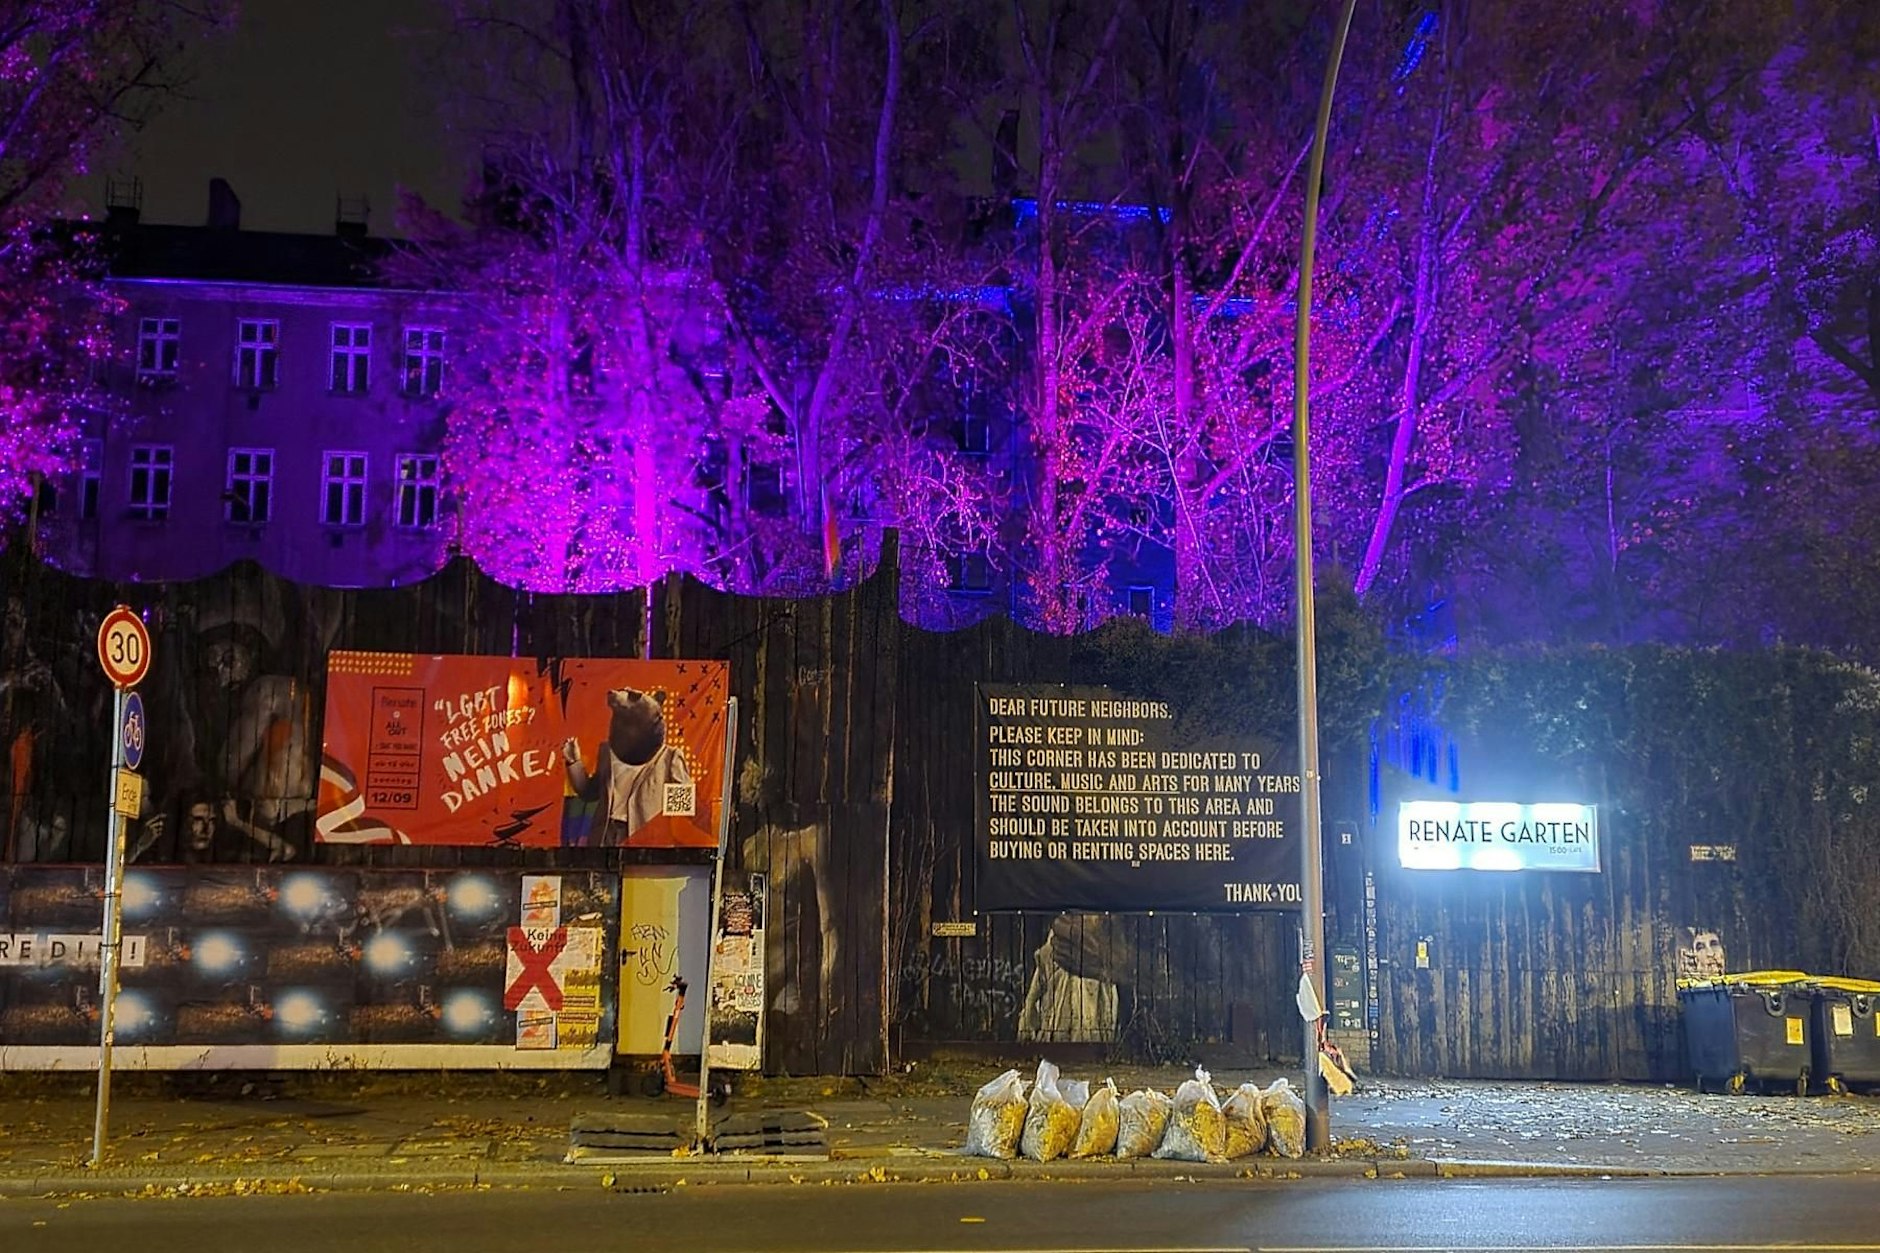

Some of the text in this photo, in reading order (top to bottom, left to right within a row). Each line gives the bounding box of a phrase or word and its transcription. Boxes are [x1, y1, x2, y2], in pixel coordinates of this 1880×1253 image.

[111, 632, 139, 665] 30
[990, 698, 1025, 716] DEAR
[1031, 699, 1086, 717] FUTURE
[440, 717, 481, 750] FREE
[990, 726, 1145, 746] PLEASE KEEP IN MIND:
[442, 731, 511, 783] NEIN
[990, 749, 1261, 770] THIS CORNER HAS BEEN DEDICATED TO
[440, 750, 556, 814] DANKE!
[1061, 773, 1103, 790] MUSIC
[1108, 774, 1136, 791] AND
[1142, 774, 1178, 791] ARTS
[1183, 775, 1210, 792] FOR
[1215, 775, 1252, 793] MANY
[371, 791, 412, 803] 12/09
[990, 794, 1274, 816] THE SOUND BELONGS TO THIS AREA AND
[990, 818, 1284, 838] SHOULD BE TAKEN INTO ACCOUNT BEFORE
[1410, 819, 1590, 844] RENATE GARTEN
[990, 841, 1235, 862] BUYING OR RENTING SPACES HERE.
[1224, 883, 1272, 902] THANK
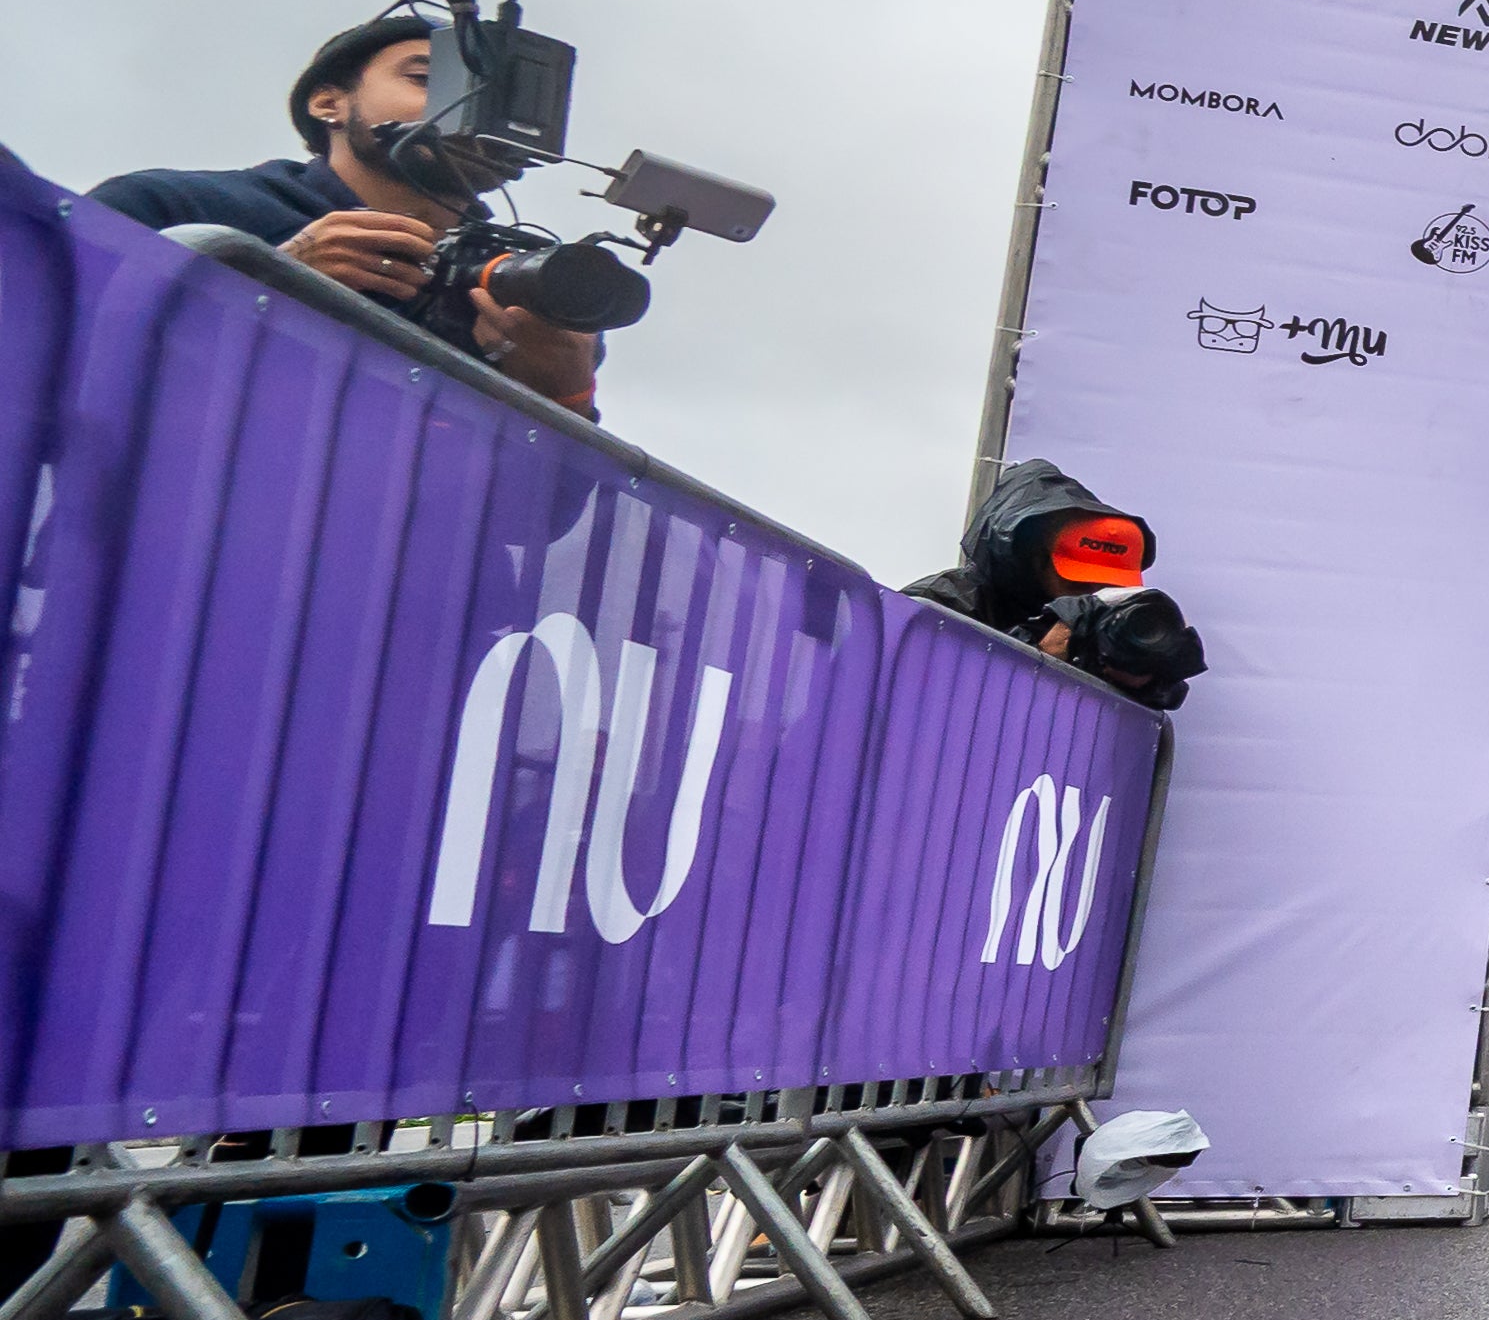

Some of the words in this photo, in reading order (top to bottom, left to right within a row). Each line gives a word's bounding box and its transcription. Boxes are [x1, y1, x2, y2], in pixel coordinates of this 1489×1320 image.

[1129, 78, 1285, 121] MOMBORA
[1128, 180, 1257, 221] FOTOP
[1451, 248, 1477, 266] FM

◆ ◆ ◆ ◆

- [What the exercise asks]
From the line containing "Some of the words" to the final line of the data above, transcribe every line exactly and nothing more.

- [Answer for the task]
Some of the words in this photo, in reading order (top to bottom, left to right within a row). Each line gives a word's bounding box and its transcription. Boxes are [x1, y1, x2, y2], in pixel coordinates of this 1489×1320 image.

[1129, 78, 1285, 121] MOMBORA
[1128, 180, 1257, 221] FOTOP
[1451, 248, 1477, 266] FM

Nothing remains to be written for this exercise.